**Task to complete**
Write out every entry exactly; the pictures do not belong in the copy.

Top of Records to process

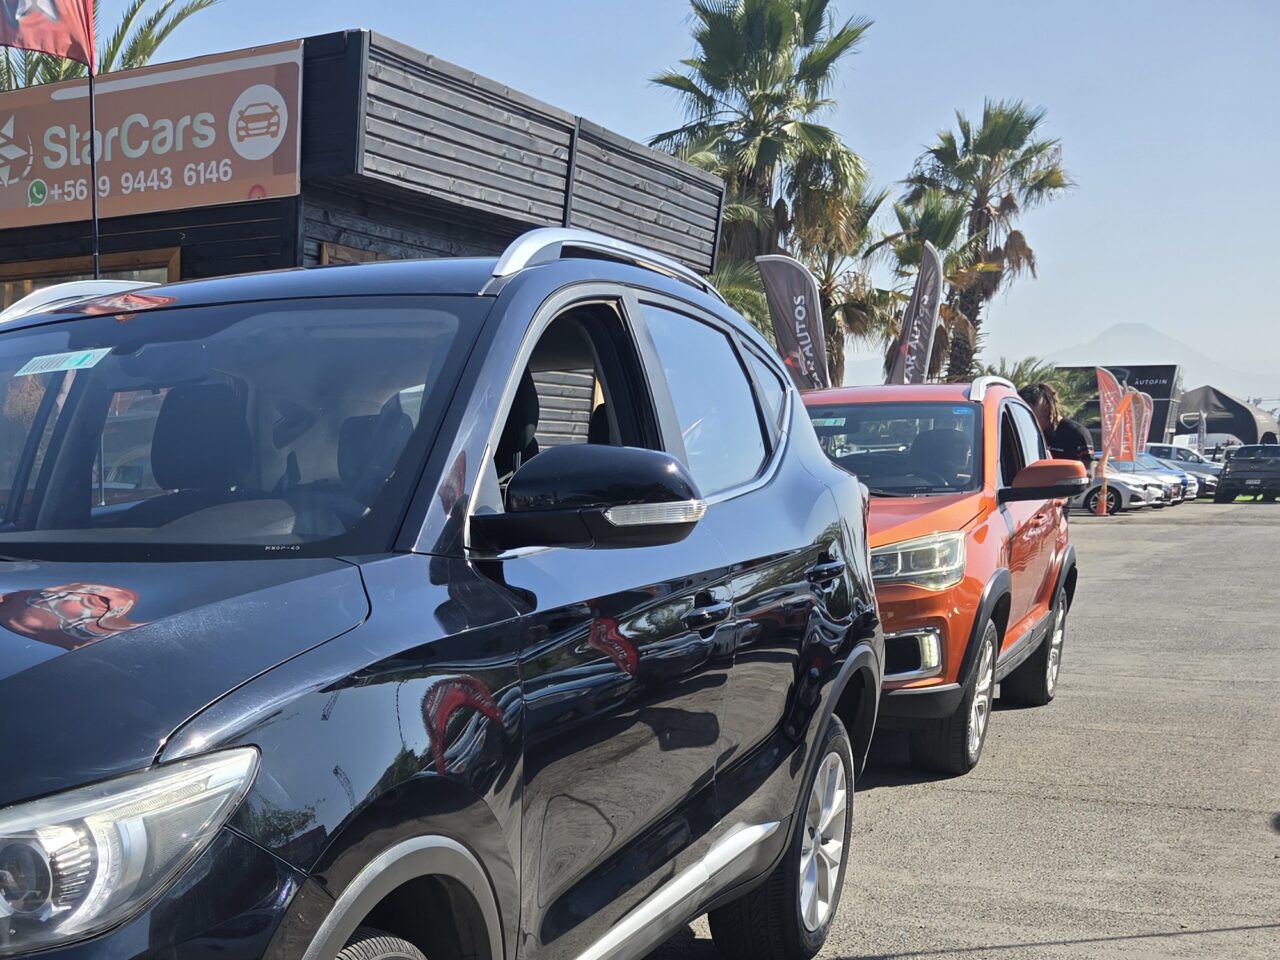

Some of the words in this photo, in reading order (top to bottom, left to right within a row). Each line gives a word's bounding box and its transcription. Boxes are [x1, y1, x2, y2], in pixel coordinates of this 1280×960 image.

[43, 112, 217, 169] StarCars
[50, 178, 88, 201] +56
[98, 175, 110, 198] 9
[121, 167, 173, 195] 9443
[183, 158, 233, 187] 6146
[793, 295, 815, 359] AUTOS
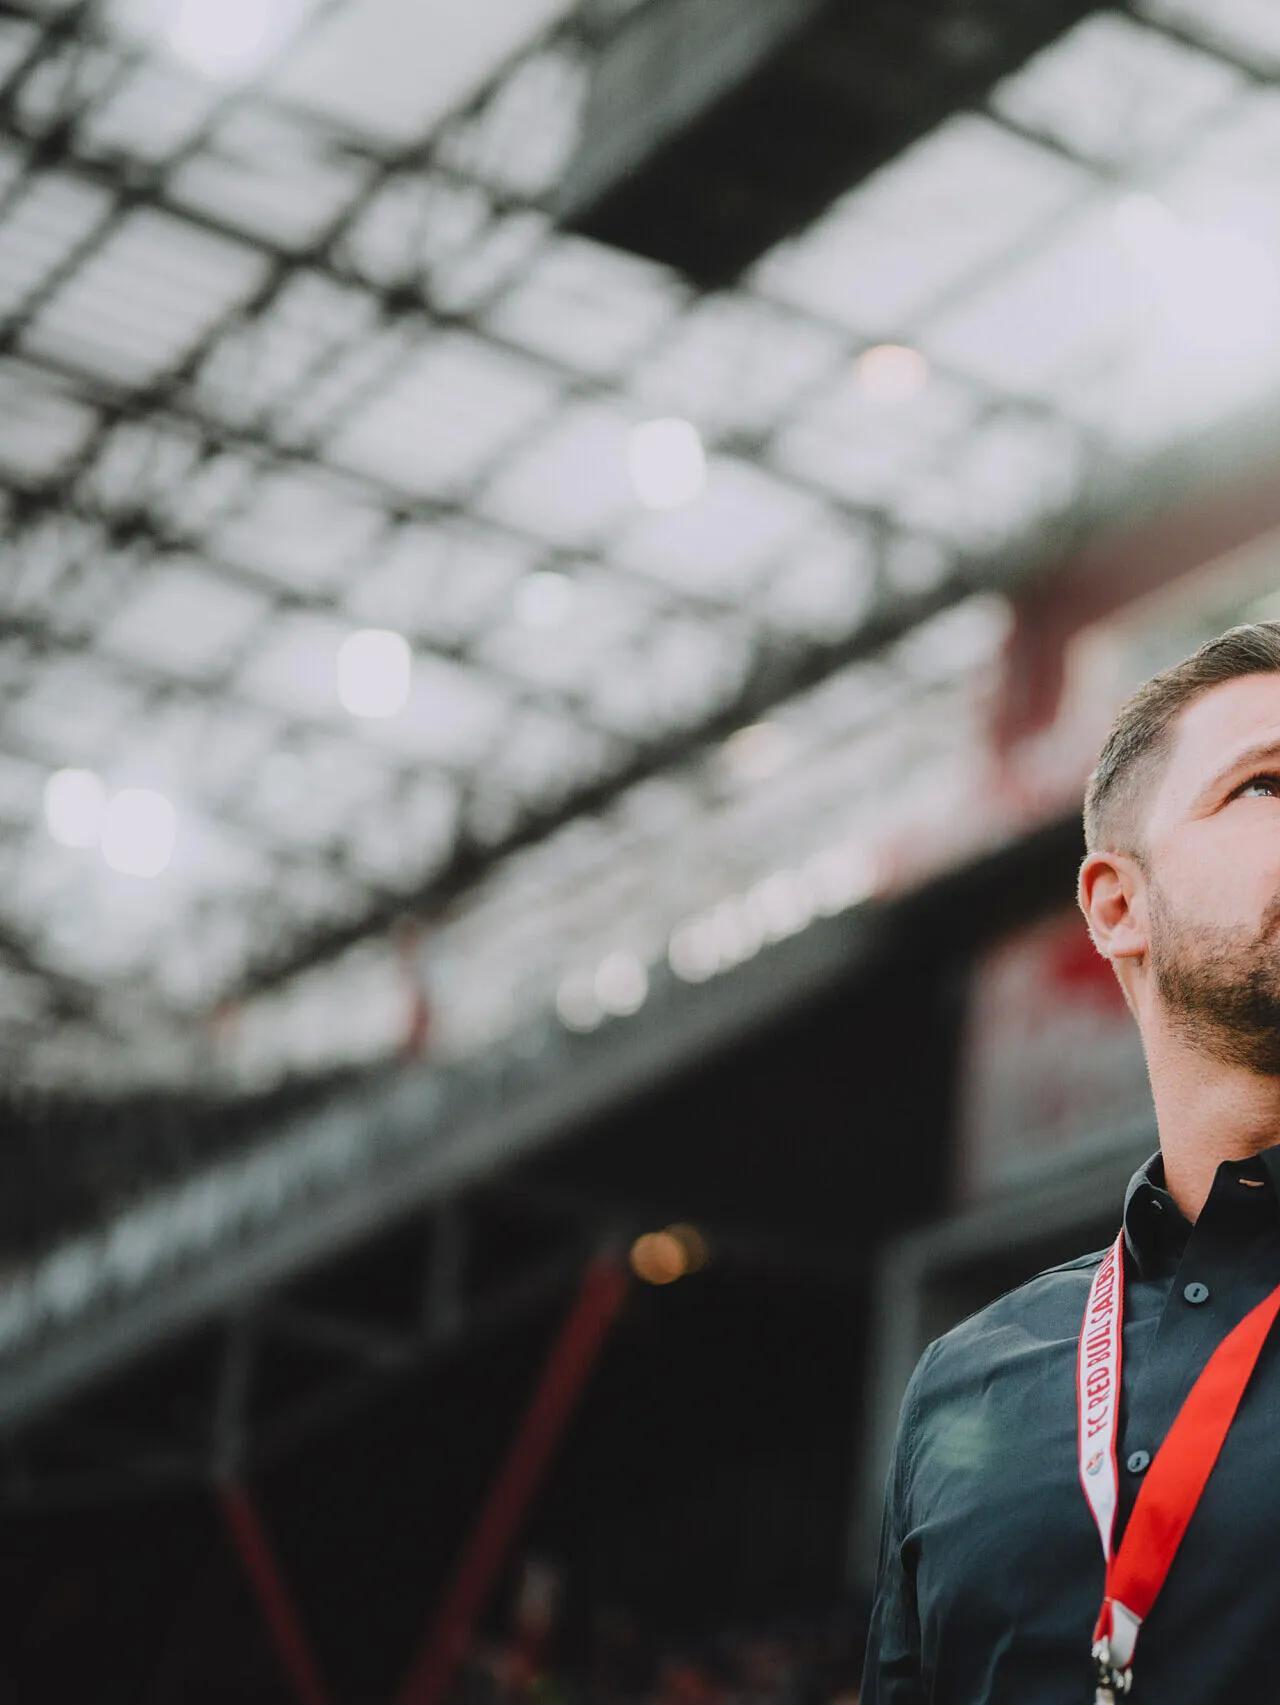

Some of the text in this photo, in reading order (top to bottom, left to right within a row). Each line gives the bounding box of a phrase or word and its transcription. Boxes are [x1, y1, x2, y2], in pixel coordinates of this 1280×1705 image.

[1087, 1247, 1115, 1438] FC RED BULL SALZBU
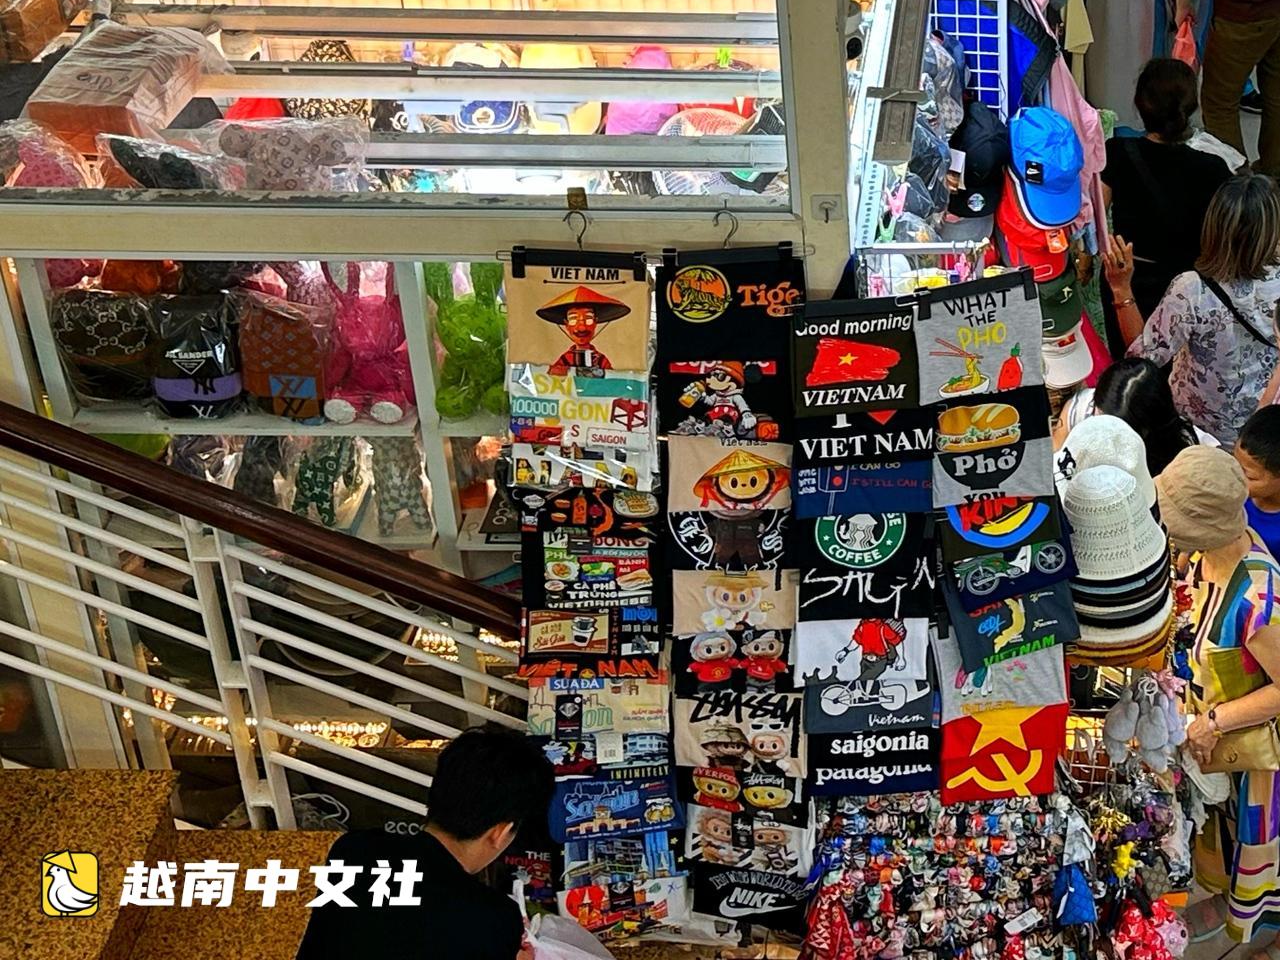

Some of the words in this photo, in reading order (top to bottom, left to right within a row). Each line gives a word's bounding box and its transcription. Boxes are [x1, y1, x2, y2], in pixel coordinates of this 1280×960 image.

[551, 267, 581, 280] VIET
[585, 268, 619, 280] NAM
[737, 281, 801, 317] Tige
[943, 289, 1011, 315] WHAT
[844, 313, 913, 335] morning
[964, 310, 997, 327] THE
[957, 321, 1007, 348] PHO
[803, 384, 907, 406] VIETNAM
[560, 400, 610, 423] GON
[591, 433, 626, 445] SAIGON
[800, 434, 867, 460] VIET
[874, 427, 933, 455] NAM
[952, 448, 1018, 477] Phở
[828, 544, 883, 563] COFFEE
[597, 659, 659, 677] NAM
[868, 713, 926, 727] Vietnam
[830, 730, 929, 758] saigonia
[384, 821, 425, 836] ecc
[525, 850, 551, 861] THE
[728, 887, 780, 909] NIKE

Bottom of Records to process

**Result of the exercise**
Some of the words in this photo, in reading order (top to bottom, left to right within a row). Each line gives a word's bounding box and its transcription. Boxes are [x1, y1, x2, y2], in pixel coordinates of this 1280×960 image.

[43, 112, 217, 169] StarCars
[50, 178, 88, 201] +56
[98, 175, 110, 198] 9
[121, 167, 173, 195] 9443
[183, 158, 233, 187] 6146
[793, 295, 815, 359] AUTOS

Some of the text in this photo, in reading order (top to bottom, left to right within a row). Each line gives the bounding box of a phrase or word and its transcription. Boxes are [x1, y1, x2, y2], in pixel coordinates of this 1280×1705 image.

[1087, 1247, 1115, 1438] FC RED BULL SALZBU

Some of the words in this photo, in reading order (top to bottom, left to right within a row). Each line gives a word's bounding box and its transcription. Boxes are [x1, y1, x2, y2], in pixel coordinates of this 1280×960 image.

[551, 267, 581, 280] VIET
[585, 268, 619, 280] NAM
[737, 281, 801, 317] Tige
[943, 289, 1011, 315] WHAT
[844, 313, 913, 335] morning
[964, 310, 997, 327] THE
[957, 321, 1007, 348] PHO
[803, 384, 907, 406] VIETNAM
[560, 400, 610, 423] GON
[591, 433, 626, 445] SAIGON
[800, 434, 867, 460] VIET
[874, 427, 933, 455] NAM
[952, 448, 1018, 477] Phở
[828, 544, 883, 563] COFFEE
[597, 659, 659, 677] NAM
[868, 713, 926, 727] Vietnam
[830, 730, 929, 758] saigonia
[384, 821, 425, 836] ecc
[525, 850, 551, 861] THE
[728, 887, 780, 909] NIKE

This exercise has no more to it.